*** Opening of INPUT ***
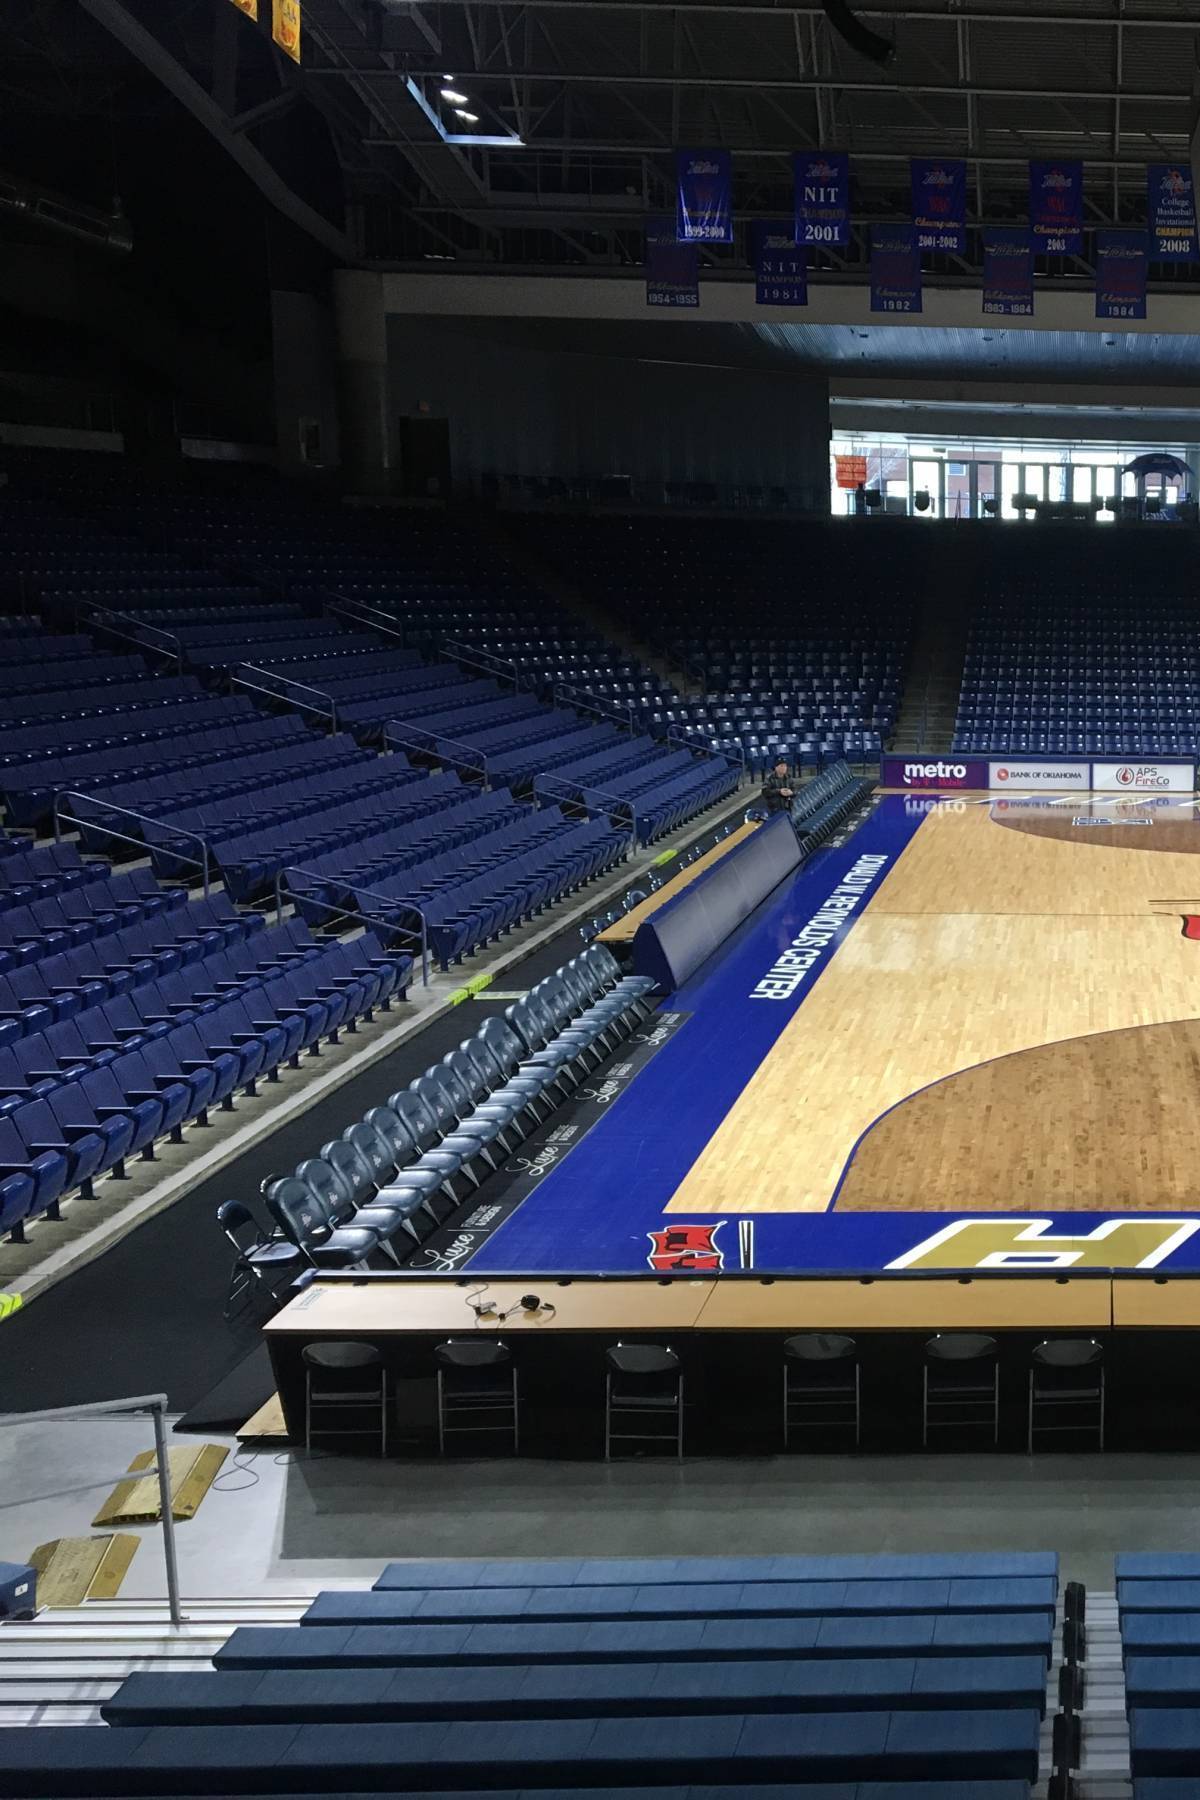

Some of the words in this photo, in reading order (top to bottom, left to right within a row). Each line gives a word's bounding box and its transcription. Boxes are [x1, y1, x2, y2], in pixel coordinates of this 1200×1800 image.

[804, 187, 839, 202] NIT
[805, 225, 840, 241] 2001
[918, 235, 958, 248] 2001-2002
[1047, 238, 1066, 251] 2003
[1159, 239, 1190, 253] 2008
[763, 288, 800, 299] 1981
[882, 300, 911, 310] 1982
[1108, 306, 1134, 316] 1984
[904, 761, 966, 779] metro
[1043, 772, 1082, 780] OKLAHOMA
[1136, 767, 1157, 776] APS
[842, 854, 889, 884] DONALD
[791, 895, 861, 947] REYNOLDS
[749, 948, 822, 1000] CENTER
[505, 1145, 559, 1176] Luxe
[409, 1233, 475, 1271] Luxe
*** Close of INPUT ***
-- WHAT IS REQUIRED --
Restate the records in full and word for word, but keep the pictures out.

-- ANSWER BOX --
Some of the words in this photo, in reading order (top to bottom, left to right within a row). Each line gives a word's bounding box and its transcription. Boxes are [x1, y1, x2, y2], in pixel coordinates of this 1200×1800 image.

[804, 187, 839, 202] NIT
[805, 225, 840, 241] 2001
[918, 235, 958, 248] 2001-2002
[1047, 238, 1066, 251] 2003
[1159, 239, 1190, 253] 2008
[763, 288, 800, 299] 1981
[882, 300, 911, 310] 1982
[1108, 306, 1134, 316] 1984
[904, 761, 966, 779] metro
[1043, 772, 1082, 780] OKLAHOMA
[1136, 767, 1157, 776] APS
[842, 854, 889, 884] DONALD
[791, 895, 861, 947] REYNOLDS
[749, 948, 822, 1000] CENTER
[505, 1145, 559, 1176] Luxe
[409, 1233, 475, 1271] Luxe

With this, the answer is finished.